Con el Renacimiento lo que ocurrió fue que, de manera revolucionaria, irrumpió lo singular, lo simple, lo individual; el individuo mismo como tal (y no como parte o mero instrumento de lo general) podríamos decir que fue un descubrimiento del Renacimiento que irían completando las etapas históricas subsiguientes. La observación de las cosas (de las cosas individuales), directamente a través de los sentidos o con la ayuda de esos amplificadores que permitían acercarse al macrocosmos en el caso del telescopio (inventado por Galileo en 1609), y al microcosmos en el del microscopio (inventado por Zaccharias Janssen, alrededor del año 1590), fue el paso necesario para llegar a convertir la verdad en algo no extraído del recuerdo, como Platón pretendía, sino en algo a descubrir o construir a través de la experiencia. La emergente ciencia experimental empezó a poner su interés en los hechos singulares, que el experimentador investigaba normalmente en la soledad de su laboratorio, provocando a menudo de manera artificial el hecho singular y excepcional. Los seres o hechos individuales no emanaban, según la nueva perspectiva, de un todo que les precediese (o como empezó a decirse en paralelo: no era Dios el origen, el creador de las cosas), sino que, por el contrario, eran ellos lo prioritario y la abstracción debía de acomodarse a lo que los hechos particulares exigieran. De esta nueva manera de ver las cosas surgió la ciencia moderna.

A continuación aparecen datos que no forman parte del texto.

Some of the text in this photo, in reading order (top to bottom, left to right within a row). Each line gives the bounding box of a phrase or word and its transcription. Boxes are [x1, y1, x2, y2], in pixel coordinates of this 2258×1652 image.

La historia de la Modernidad, en este sentido, vino a ser el relato del descubrimiento de ese desgarro, esa cesura entre lo ideal y lo real, entre lo firmemente establecido por las creencias vigentes y la continua irrupción de novedades y fenómenos imprevistos que las antiguas teorías eran incapaces de contener. Así, cuando en 1572 el astrónomo danés Tycho Brahe (1546-1601) descubrió una nueva estrella hasta entonces inexistente, una supernova que emitió su luz durante dieciocho meses para luego ir perdiendo intensidad, dejó maltrecha la idea de que el firmamento era una realidad celestial, perfectamente acoplada a su Idea platónica, y pasó finalmente a ser entendida como una realidad viviente, cambiante, en donde las estrellas nacían y morían. Y si bien Nicolás Copérnico (1473-1543) antes, y Johannes Kepler (1571-1630) después, pudieron persistir en la idea de que el sistema solar coincidía con las previsiones de la geometría y de las matemáticas en general, la realidad empezaba a mostrarse como un conjunto poroso y permeable en el que lo nuevo podía ya tener cabida.

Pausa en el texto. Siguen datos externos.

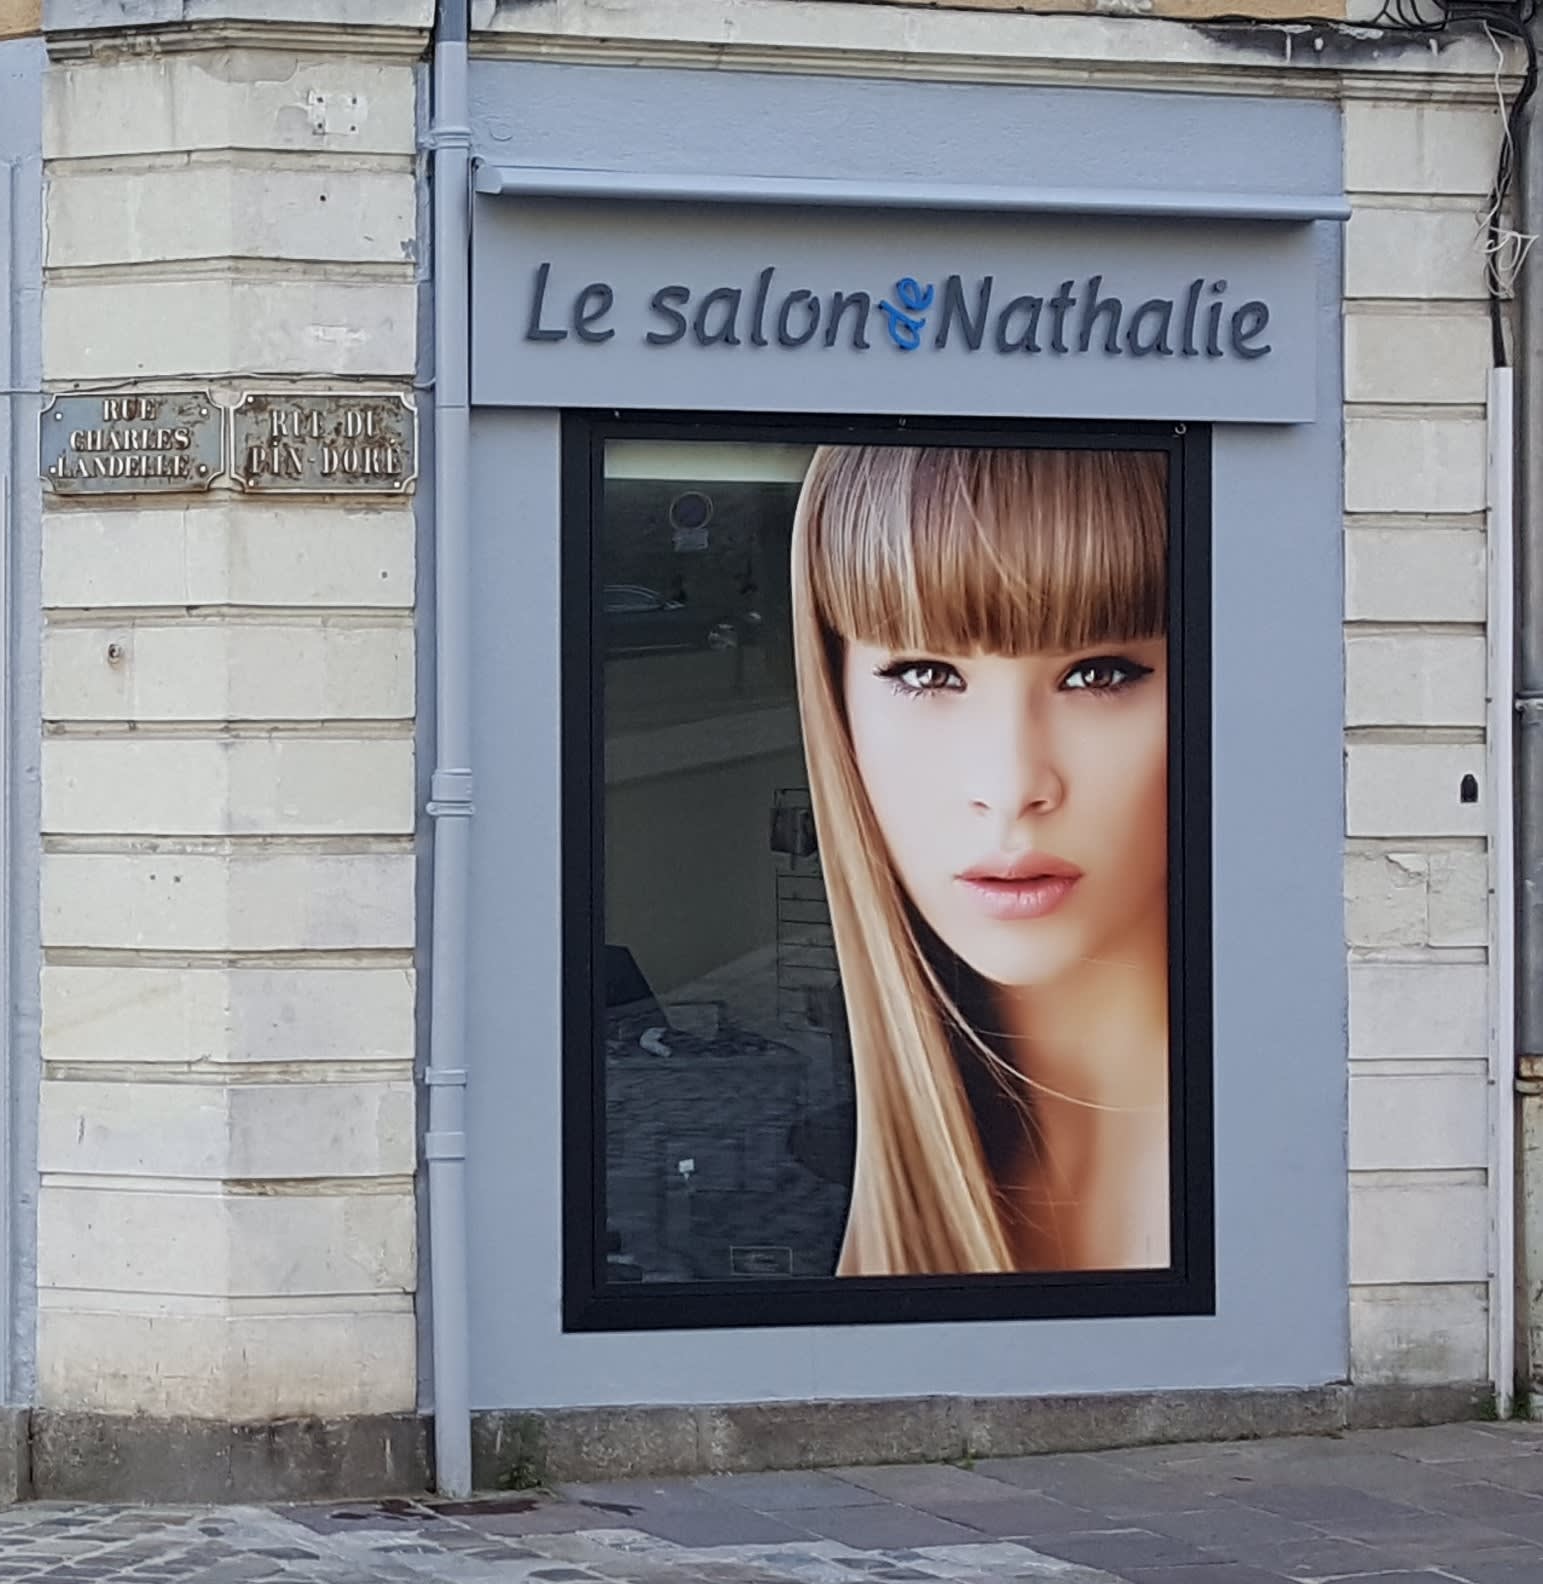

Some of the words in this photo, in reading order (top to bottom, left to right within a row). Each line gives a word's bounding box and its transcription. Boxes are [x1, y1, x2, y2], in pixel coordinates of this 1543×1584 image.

[524, 262, 617, 345] Le
[645, 266, 873, 351] salon
[878, 276, 937, 351] de
[935, 273, 1273, 360] Nathalie
[103, 398, 157, 421] RUE
[272, 409, 325, 437] RUE
[70, 428, 191, 451] CHARLES
[57, 454, 191, 478] LANDELLE

El empirismo, la experimentación, la toma en consideración de los hechos singulares como algo previo a la formulación de teorías o abstracciones, empezó, pues, a ganar terreno poco a poco en el ámbito de la ciencia. Estrellas, microorganismos, nuevas regiones del planeta… desde lo más grande a lo más pequeño, un sinfín de nuevos hechos fueron irrumpiendo, favorecidos por la nueva forma de mirar, quebrando paulatinamente la vigencia de la antigua cosmovisión, para la cual lo particular, lo que procedía de la experiencia y lo meramente nuevo había sido algo engañoso y desdeñable. El todo, venía a decirse en conclusión, no era algo previo a las partes, y, consiguientemente, tampoco el todo social, lo preestablecido, lo simbolizado en el monarca o el tirano, debía de prevalecer o imponerse de forma asfixiante sobre el individuo, que, como pronto descubrió la Ilustración, era portador de derechos inalienables.
Y a todo esto es a lo que se llamó “Occidente”.